Entering the atmosphere with the rocket motor facing the planet would make for a non-optimal profile being acted upon by the friction of re-entering the atmosphere

The first stage doesn't actually reach orbital velocities, so it won't encounter the stresses of a for example, the former space shuttle when it reentered the atmosphere. I'm not sure about the exact details but I think the rocket will rotate almost immediately after second stage separation where the atmosphere is extremely thin, so it's descends tail-first and will then make minor course adjustments to reach the landing site (which will be downrange).

While writing this post, I ran a search to see how it's supposed to be done, and found that they actually did somewhat of a test of this with the last Falcon 9 v1.1 launch:


SpaceX achieves controlled landing of Falcon 9 first stage

The first stage was supposed to fire its engines twice after separating from the Falcon 9 rocket's second stage less than 3 minutes after liftoff Friday. The first burn was expected to slow the rocket's velocity enough to fall into a prescribed landing zone in the Atlantic Ocean a few hundred miles northeast of Cape Canaveral, and a second firing was to have allowed the rocket to gently settle into the sea.

www.spaceflightnow.com...



and begin to focus on the idea of a space plane, capable of lifting off from a runway, exiting the atmosphere, and re-entering it

The problem is a space-plane is extremely difficult to design and build, as it requires extremely efficient engines, that are often required to be air-breathing, and an extremely high fuel fraction.
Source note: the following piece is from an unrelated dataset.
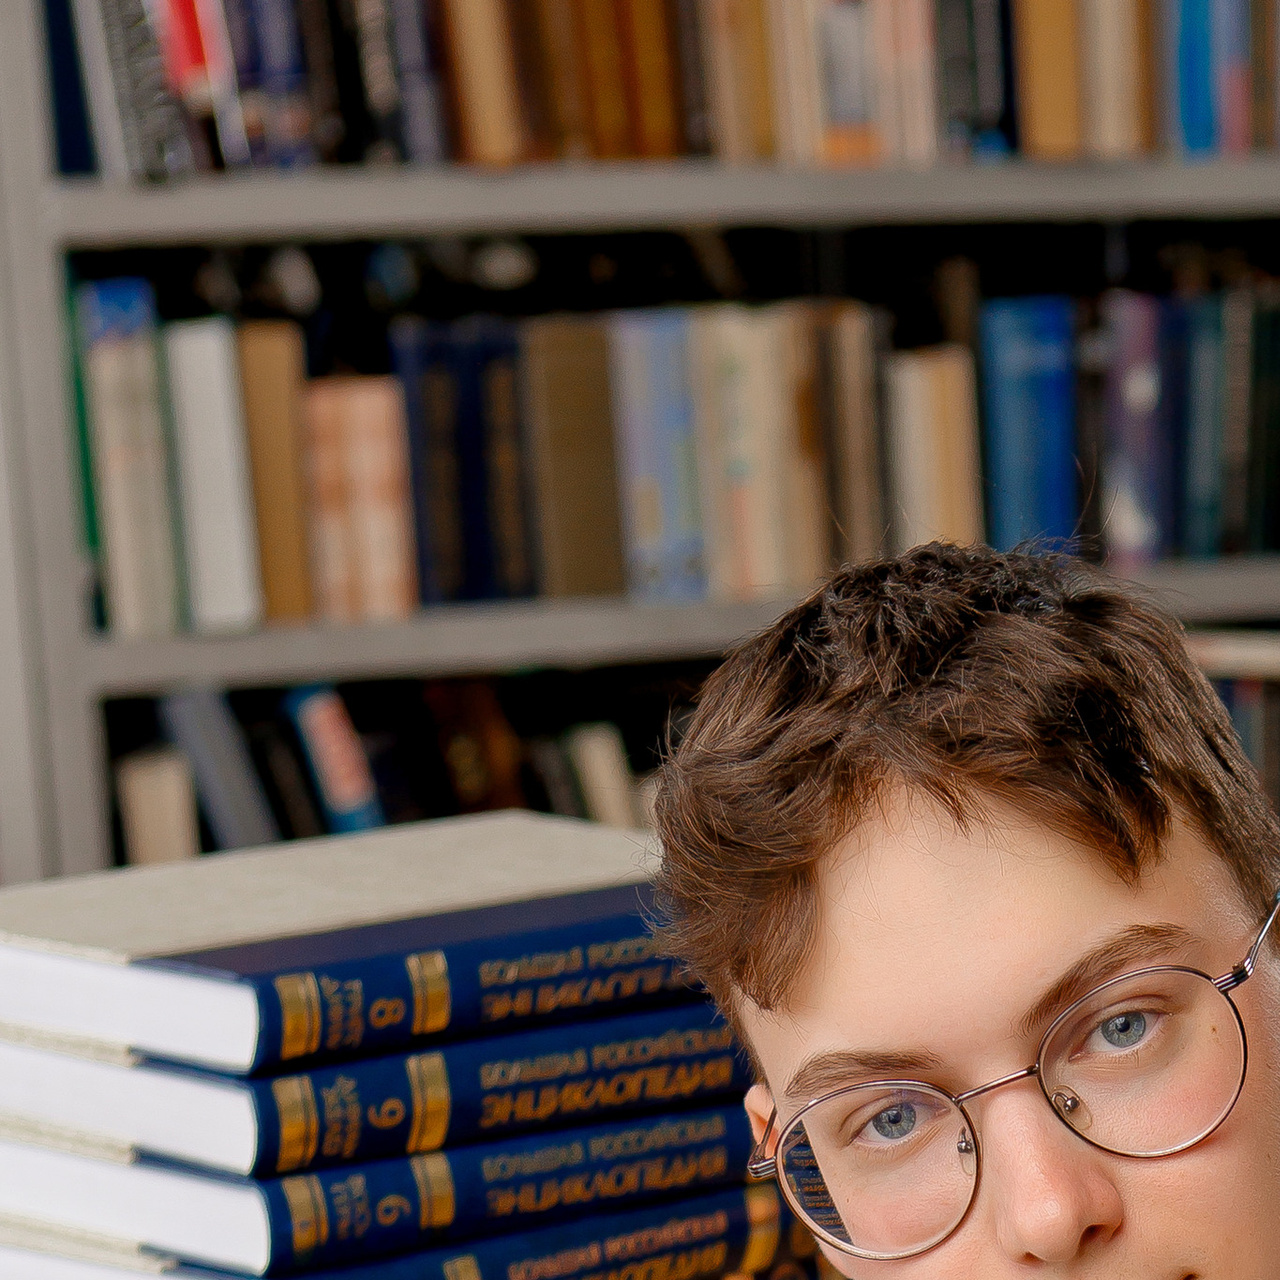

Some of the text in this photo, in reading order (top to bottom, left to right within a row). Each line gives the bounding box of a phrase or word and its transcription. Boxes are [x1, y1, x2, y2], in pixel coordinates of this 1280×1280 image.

[368, 997, 407, 1031] 8
[367, 1097, 407, 1130] 9
[375, 1194, 412, 1227] 6
Given the amount of fuel required, the crew is going to be sitting on a bomb either way. The overall result is likely going to be a vehicle that is extremely expensive to build and maintain. The Space Shuttle was the closest vehicle to a space-plane and is a perfect example. It was extremely uneconomical to build and operate, not particularly safe, and never came close to the programs original goals.
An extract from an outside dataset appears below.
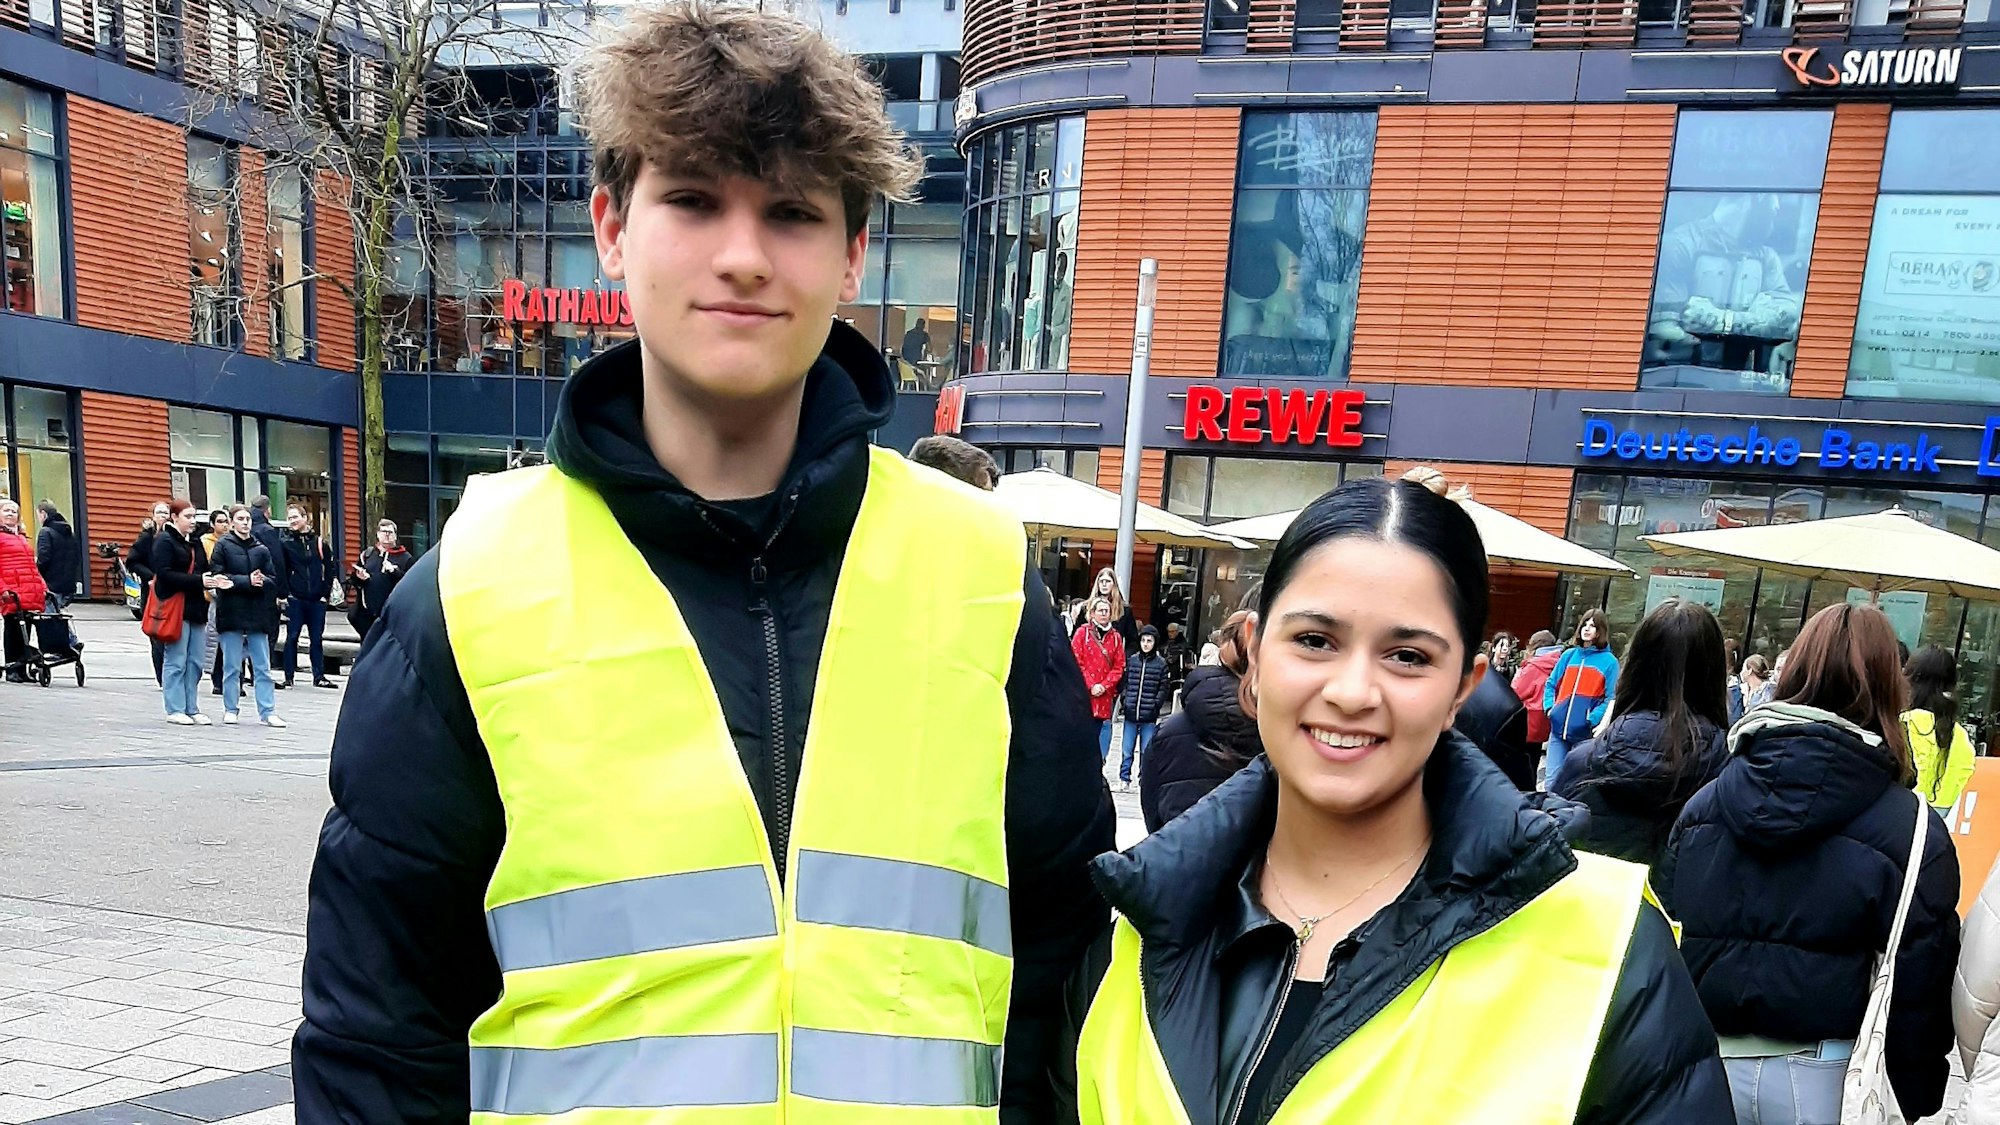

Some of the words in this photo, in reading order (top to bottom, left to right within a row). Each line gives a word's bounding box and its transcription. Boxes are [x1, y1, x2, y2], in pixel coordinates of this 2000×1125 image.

[1841, 48, 1962, 84] SATURN
[1184, 384, 1366, 447] REWE
[1582, 419, 1800, 467] Deutsche
[1819, 427, 1942, 473] Bank
One space-plane under development is Skylon, but as far as I can tell it hasn't really amounted to anything usable yet and still needs development.


Skylon is a design for a single-stage-to-orbit spaceplane by the British company Reaction Engines Limited (REL). A fleet of such vehicles is envisaged, using SABRE, a combined-cycle, air-breathing rocket propulsion system, with a designed re-usability up to 200 flights each. In paper studies, the cost per kilogram of payload carried to low earth orbit in this way is hoped to be reduced from the current £15,000/kg (as of 2011),[3] including research and development, to around £650/kg, with costs expected to fall much more over time after initial expenditures have amortised.

en.wikipedia.org...(spacecraft)


Aside: It wouldn't surprise me if Skylon was less safe than a conventional rocket, the payload bay is not on top of a giant bomb, rather it is essentially sandwiched between two giant bombs, somewhat like the Space Shuttle was (which is what caused the loss of the Challenger). A conventional rocket can on the other hand have an effective escape mechanism. Skylon is also more complex and needs an extremely weight efficient design. I suppose since it's partially air-breathing it doesn't need as much oxidizer, so that helps.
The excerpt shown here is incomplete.